> _EXERCISE DIRECTIONS_: Give the entries again exactly. Skip the pictures.

> _AVAILABLE RECORDS_:

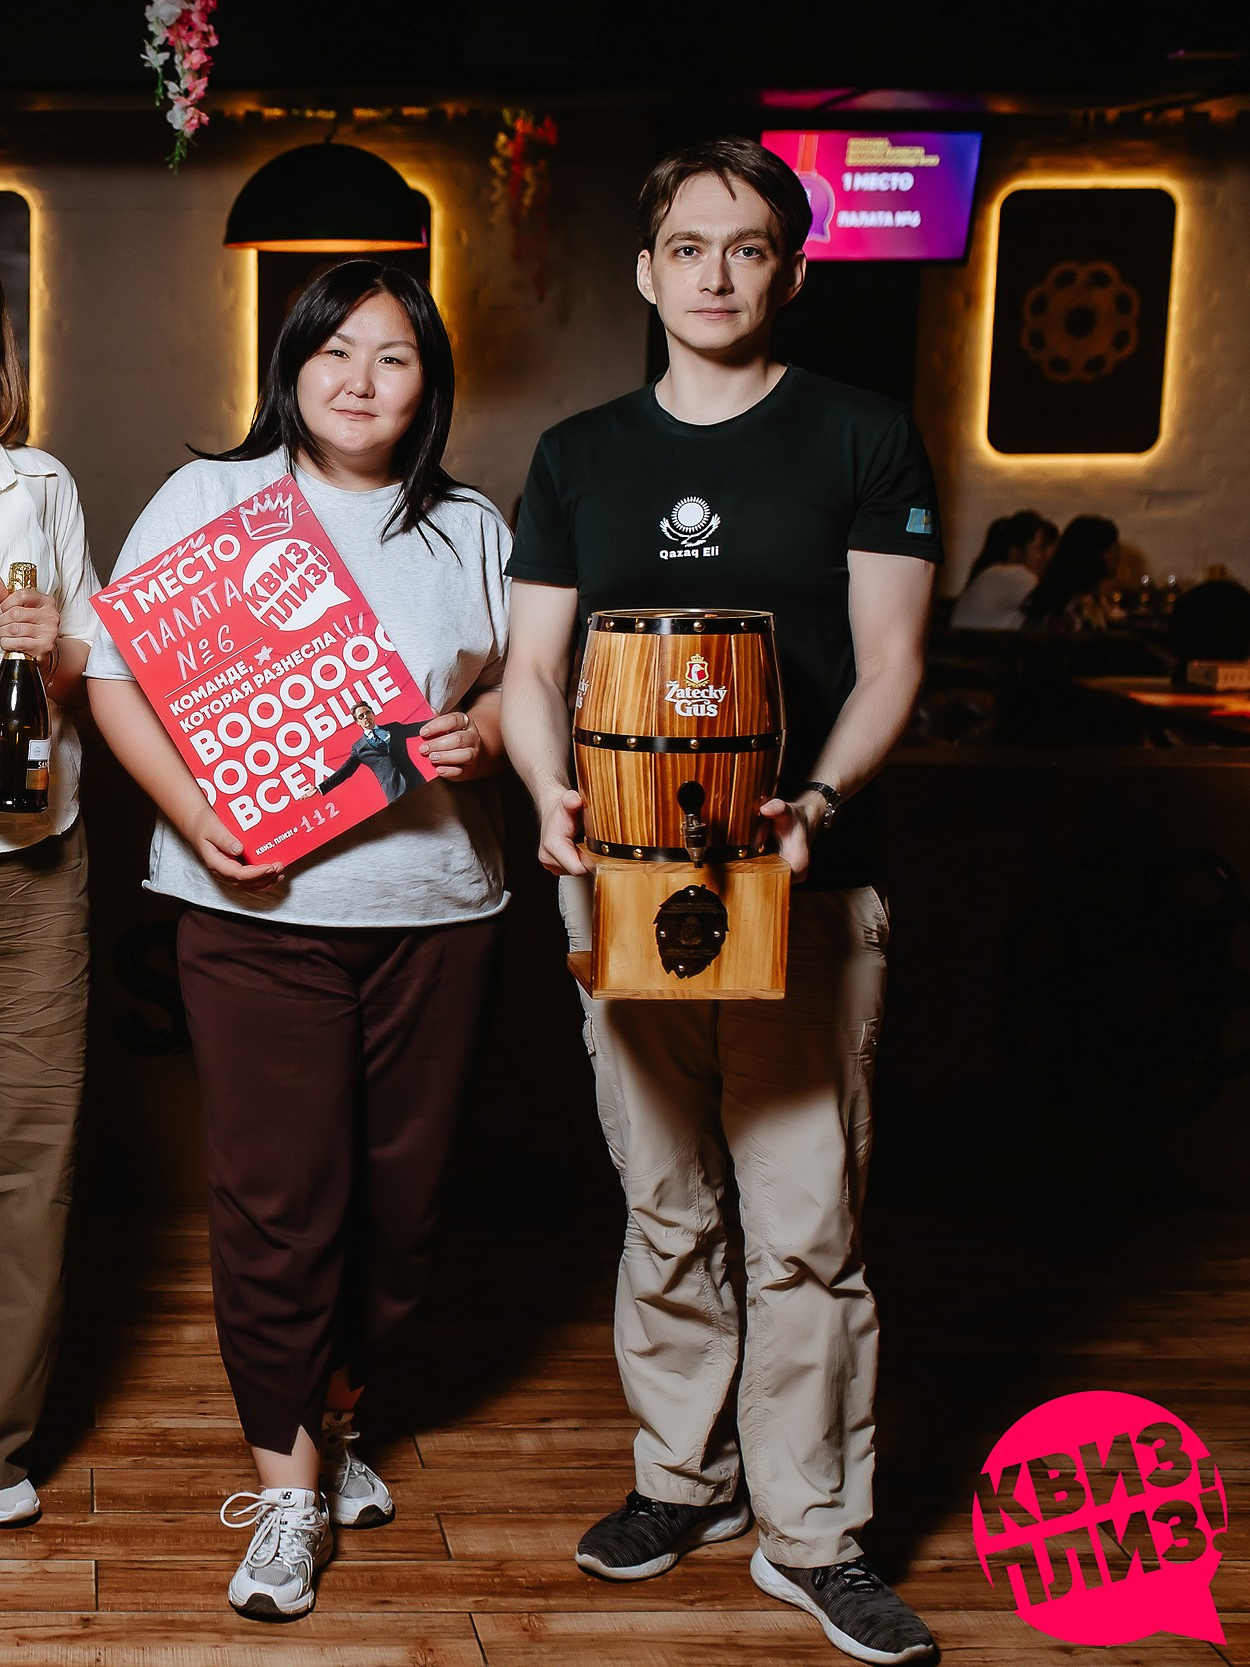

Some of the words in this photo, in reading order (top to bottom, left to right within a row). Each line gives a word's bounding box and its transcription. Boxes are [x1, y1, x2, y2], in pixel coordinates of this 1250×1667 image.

[852, 172, 914, 192] МЕСТО
[113, 599, 135, 624] 1
[132, 534, 241, 614] МЕСТО
[659, 547, 699, 559] Qazaq
[703, 546, 719, 557] Eli
[130, 576, 243, 664] ПАЛАТА
[169, 660, 255, 717] КОМАНДЕ,
[179, 680, 255, 734] КОТОРАЯ
[253, 631, 337, 689] РАЗНЕСЛА
[664, 680, 728, 703] Žatecký
[227, 747, 336, 832] ВСЕХ
[300, 802, 341, 833] 112
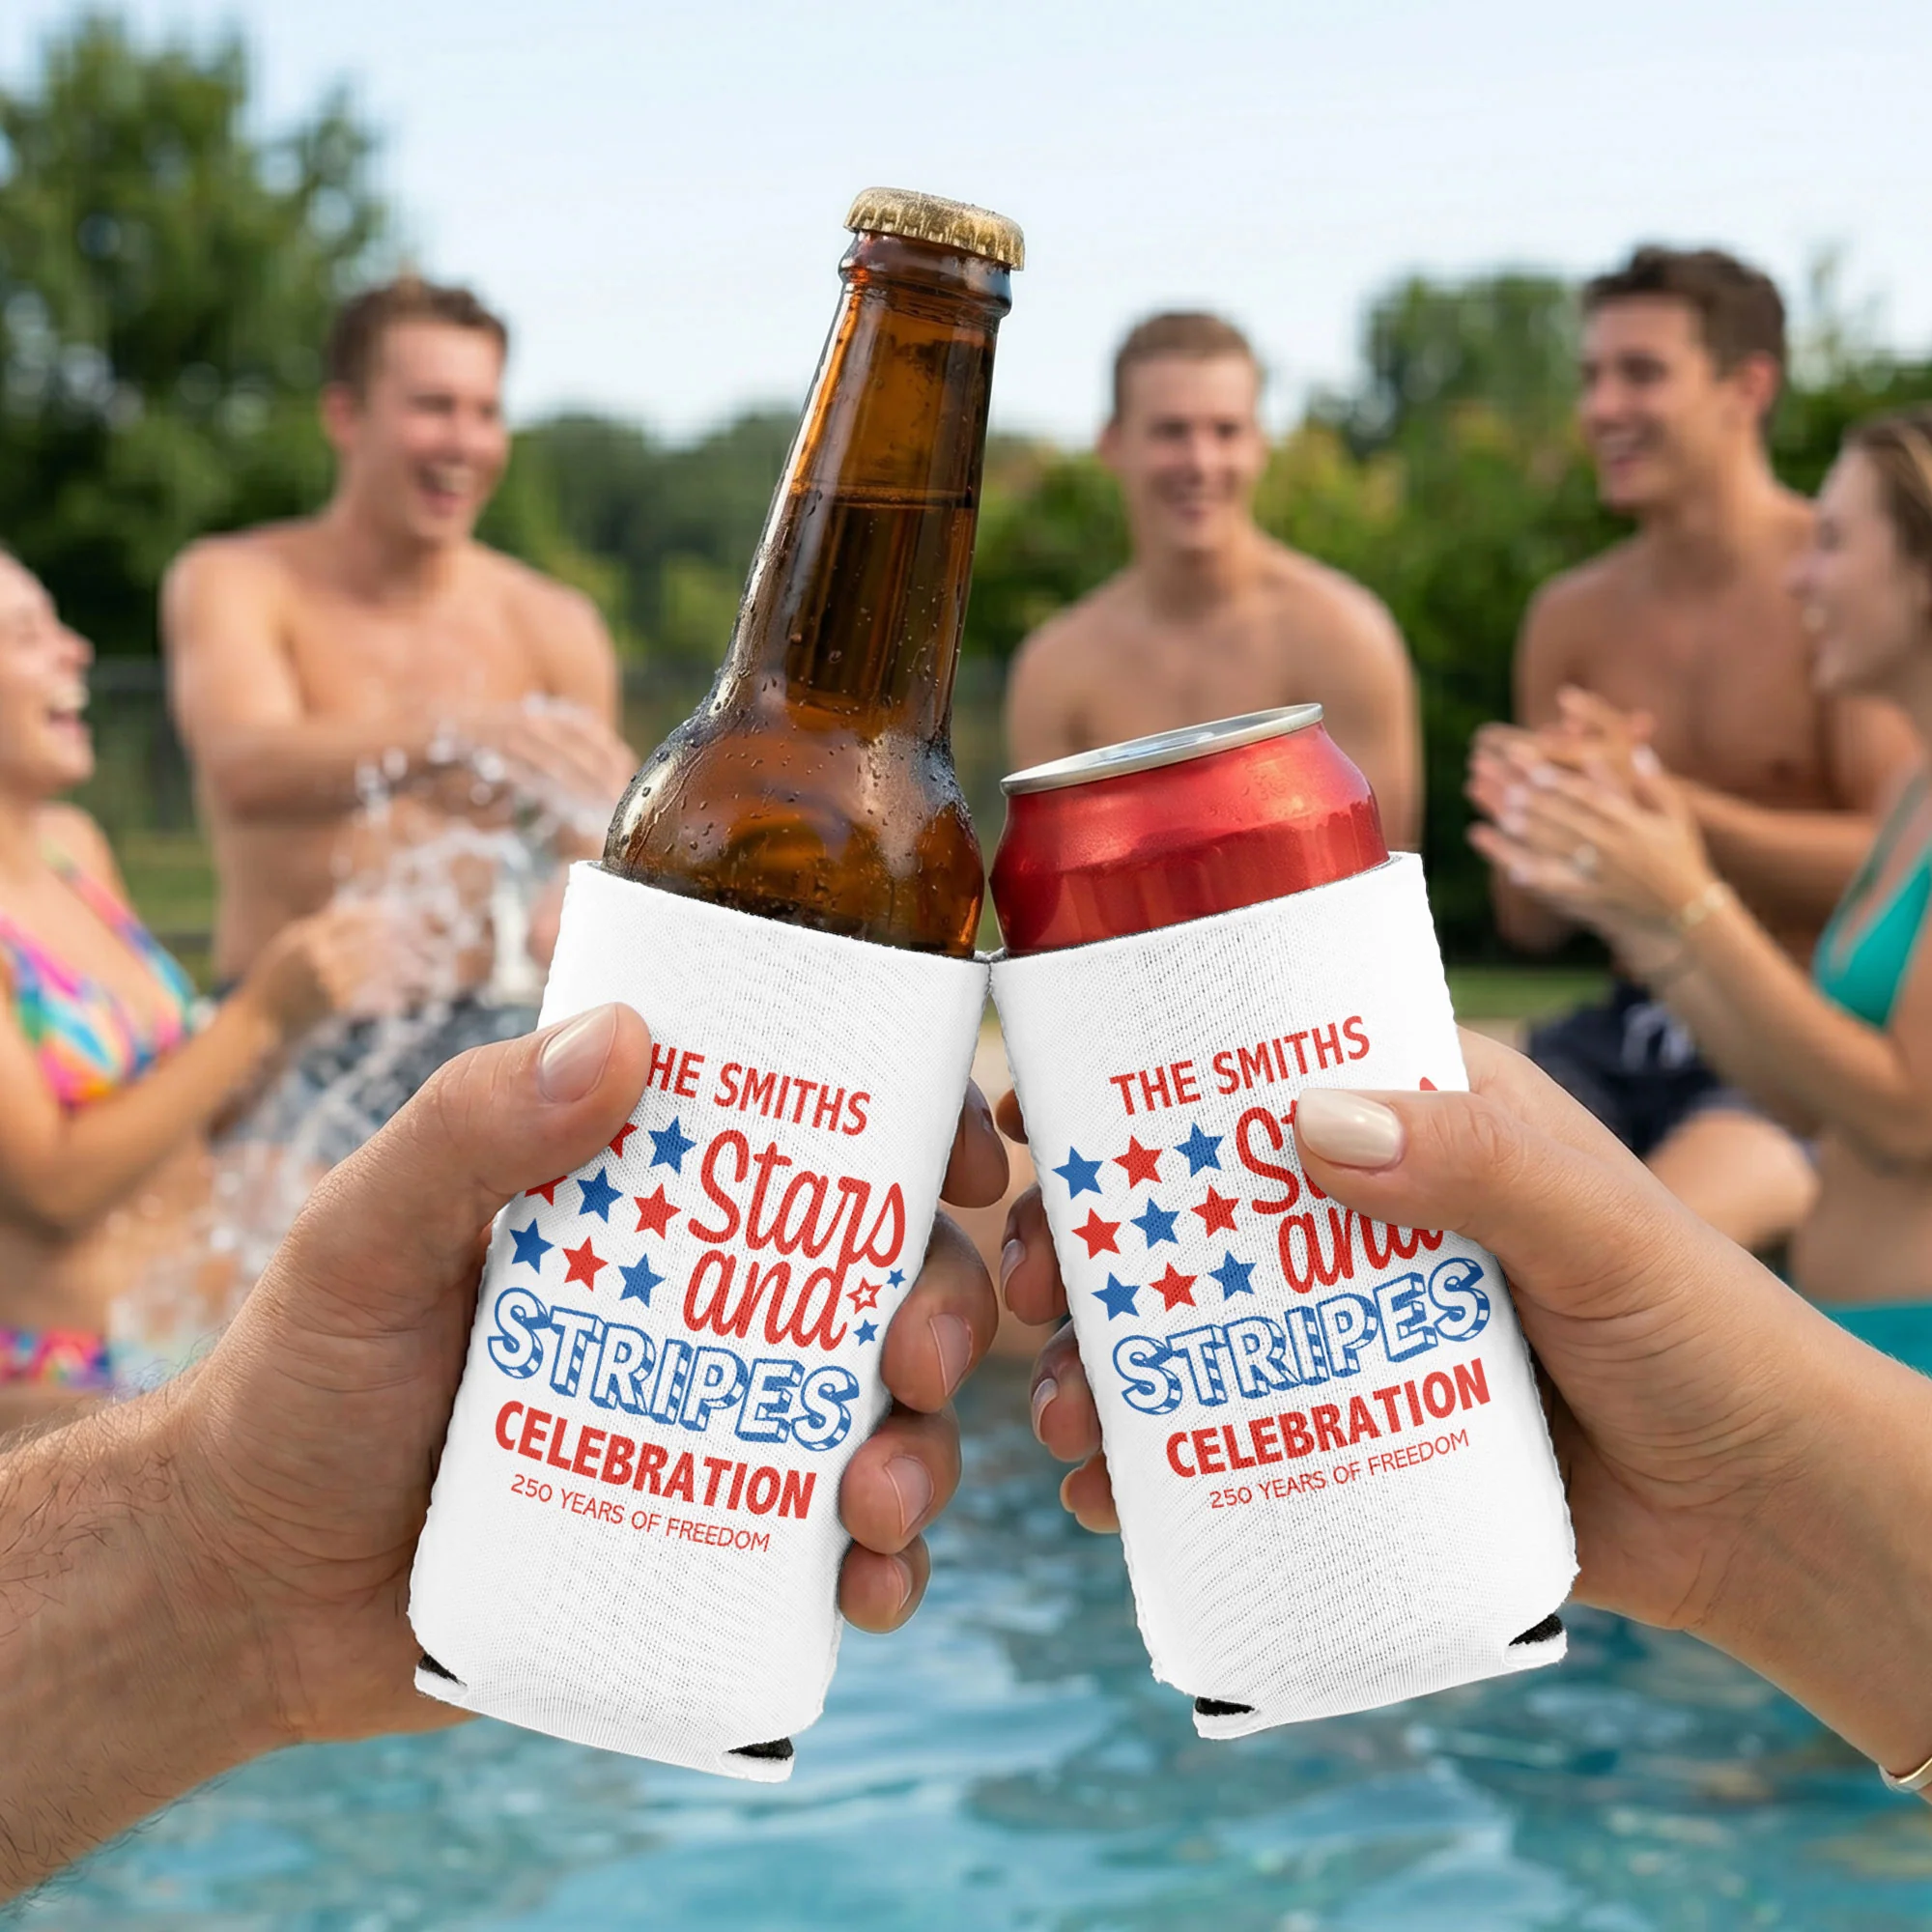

> _TASK OUTPUT_:
Some of the words in this photo, in reading order (top to bottom, left to right within a row). Each line gives a word's bounding box and its transcription. Boxes are [x1, y1, x2, y2], in pixel coordinates of this 1250×1667 image.

[852, 172, 914, 192] МЕСТО
[113, 599, 135, 624] 1
[132, 534, 241, 614] МЕСТО
[659, 547, 699, 559] Qazaq
[703, 546, 719, 557] Eli
[130, 576, 243, 664] ПАЛАТА
[169, 660, 255, 717] КОМАНДЕ,
[179, 680, 255, 734] КОТОРАЯ
[253, 631, 337, 689] РАЗНЕСЛА
[664, 680, 728, 703] Žatecký
[227, 747, 336, 832] ВСЕХ
[300, 802, 341, 833] 112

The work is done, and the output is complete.